> [Work to complete] All of the data must be written out verbatim, with pictures excluded.

> [Recorded information]
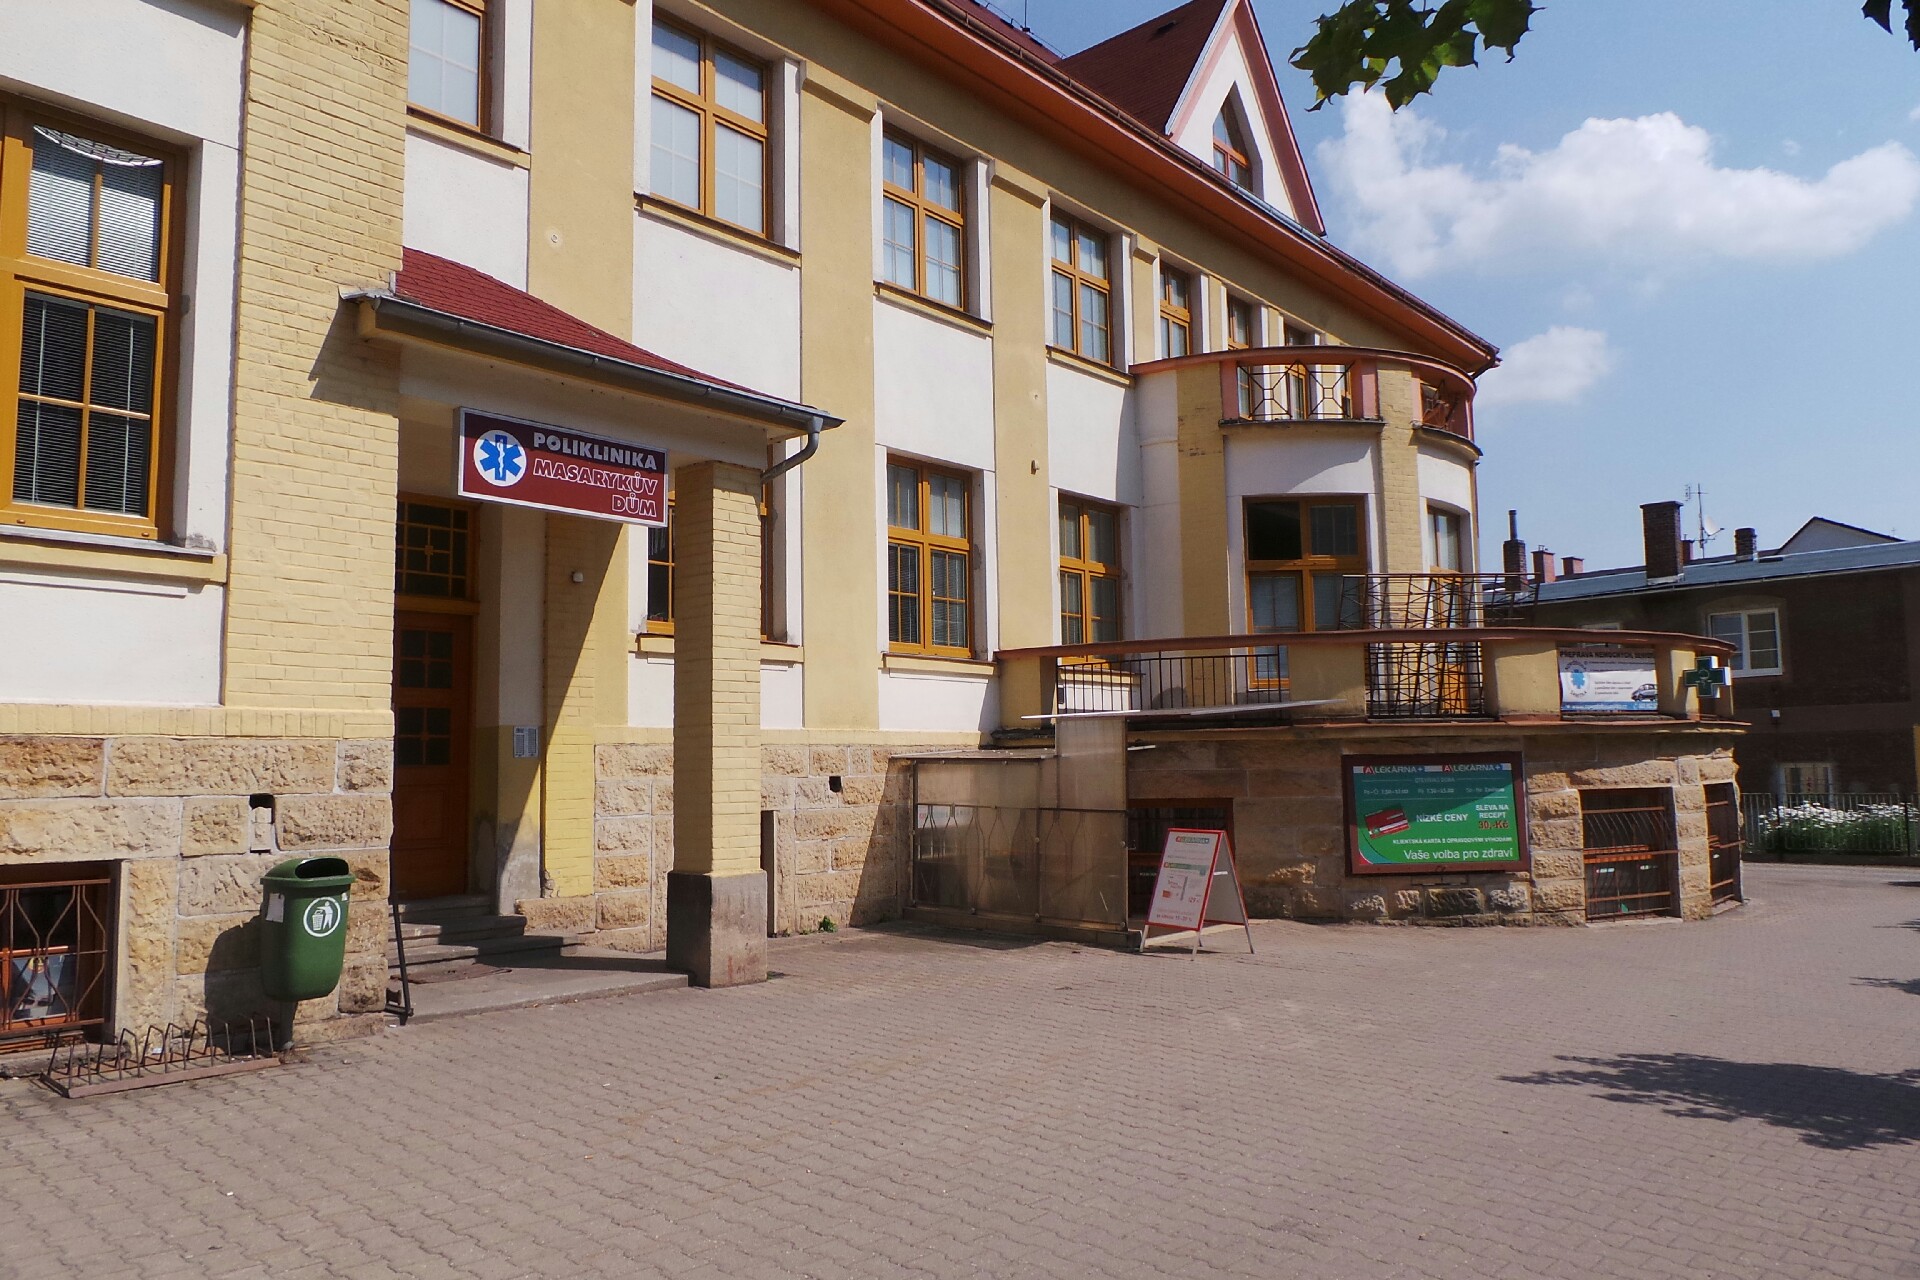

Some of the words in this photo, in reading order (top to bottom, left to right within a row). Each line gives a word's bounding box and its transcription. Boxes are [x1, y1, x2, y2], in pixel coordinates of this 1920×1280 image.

[533, 432, 658, 471] POLIKLINIKA
[533, 458, 658, 496] MASARYKŮV
[612, 492, 657, 518] DŮM
[1415, 813, 1442, 823] NÍZKÉ
[1444, 813, 1468, 822] CENY
[1479, 811, 1506, 819] RECEPT
[1404, 849, 1430, 860] Vaše
[1433, 849, 1460, 860] volba
[1462, 851, 1480, 861] pro
[1482, 847, 1513, 859] zdraví
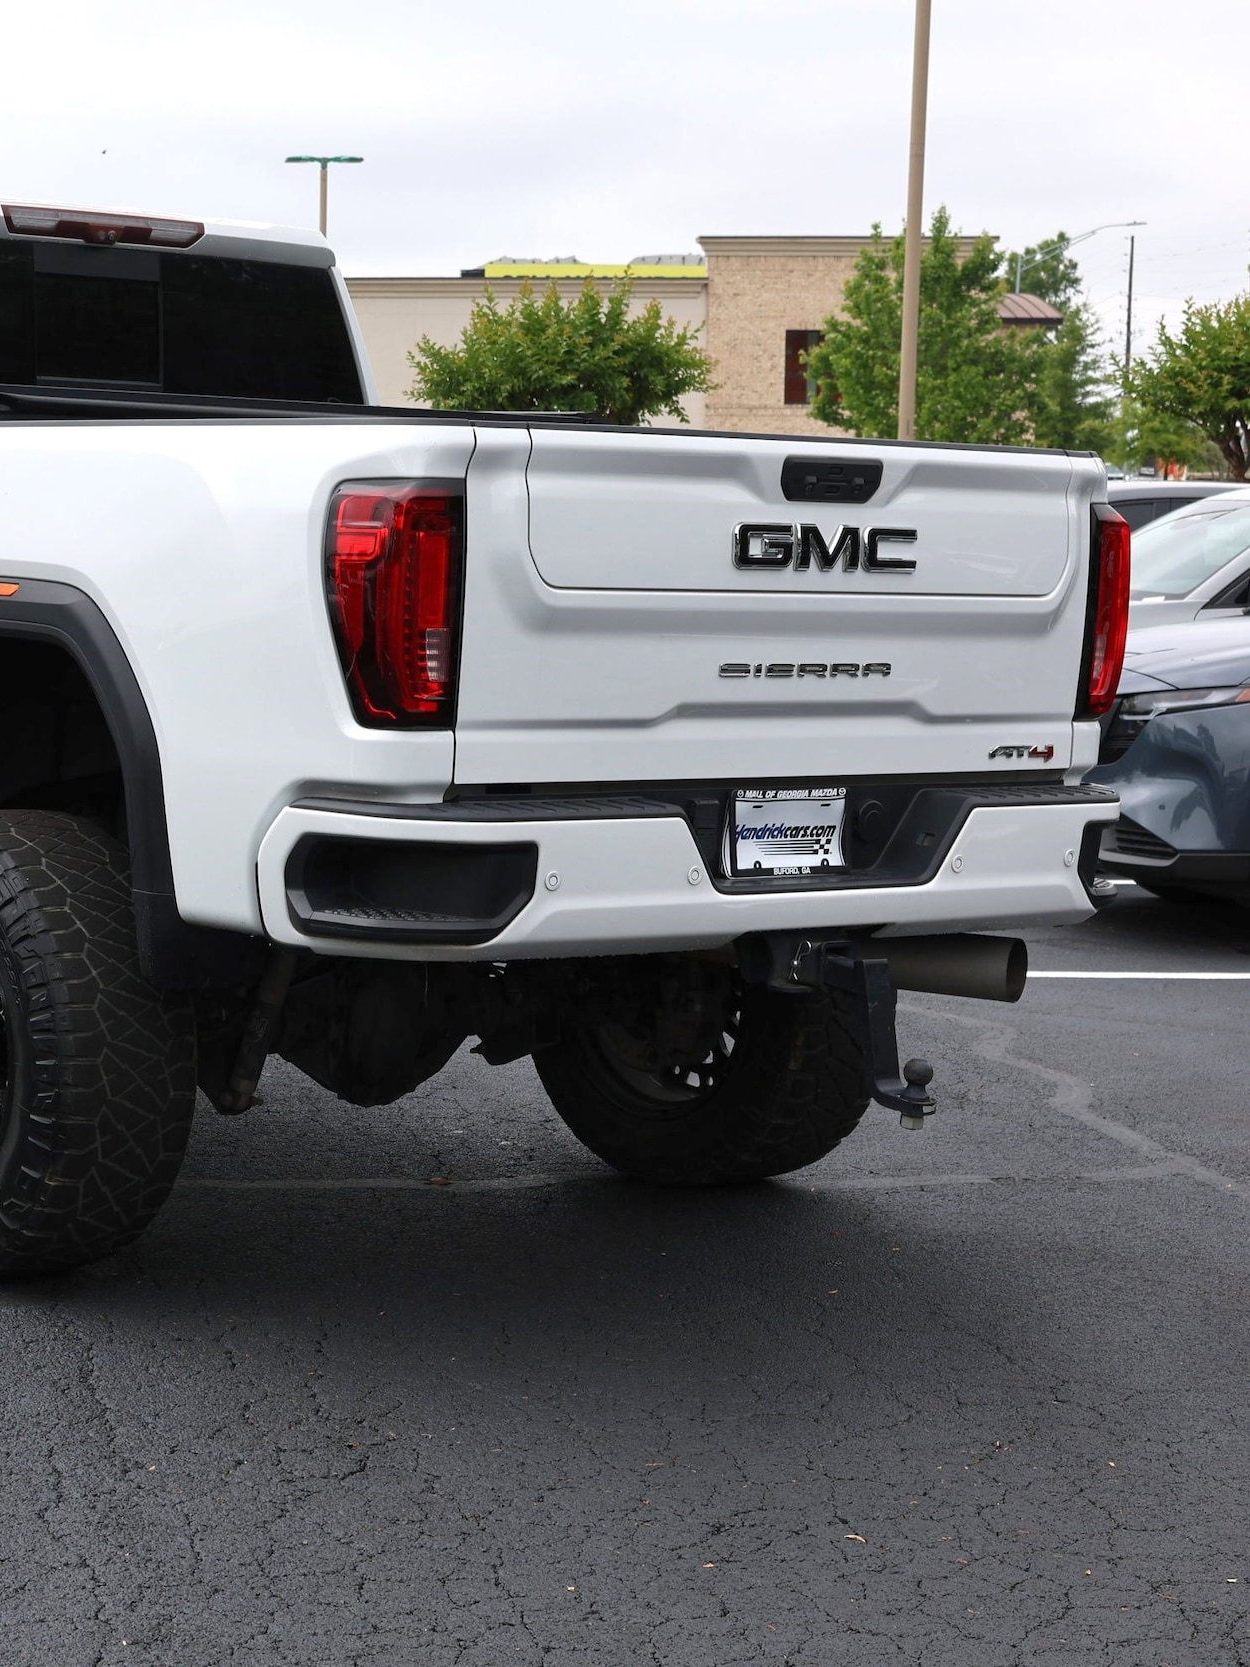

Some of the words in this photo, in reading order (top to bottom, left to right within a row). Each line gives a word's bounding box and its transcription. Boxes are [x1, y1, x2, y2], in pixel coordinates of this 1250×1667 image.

> [Your response]
Some of the words in this photo, in reading order (top to bottom, left to right within a row). Each line gives a word's bounding box and its transcription. Boxes are [x1, y1, x2, y2], in pixel coordinates of this 1920×1280 image.

[533, 432, 658, 471] POLIKLINIKA
[533, 458, 658, 496] MASARYKŮV
[612, 492, 657, 518] DŮM
[1415, 813, 1442, 823] NÍZKÉ
[1444, 813, 1468, 822] CENY
[1479, 811, 1506, 819] RECEPT
[1404, 849, 1430, 860] Vaše
[1433, 849, 1460, 860] volba
[1462, 851, 1480, 861] pro
[1482, 847, 1513, 859] zdraví

Some of the words in this photo, in reading order (top to bottom, left to right within a row). Each line gives a word's bounding box and its transcription. Boxes are [x1, y1, x2, y2], in pixel coordinates of this 1250×1667 image.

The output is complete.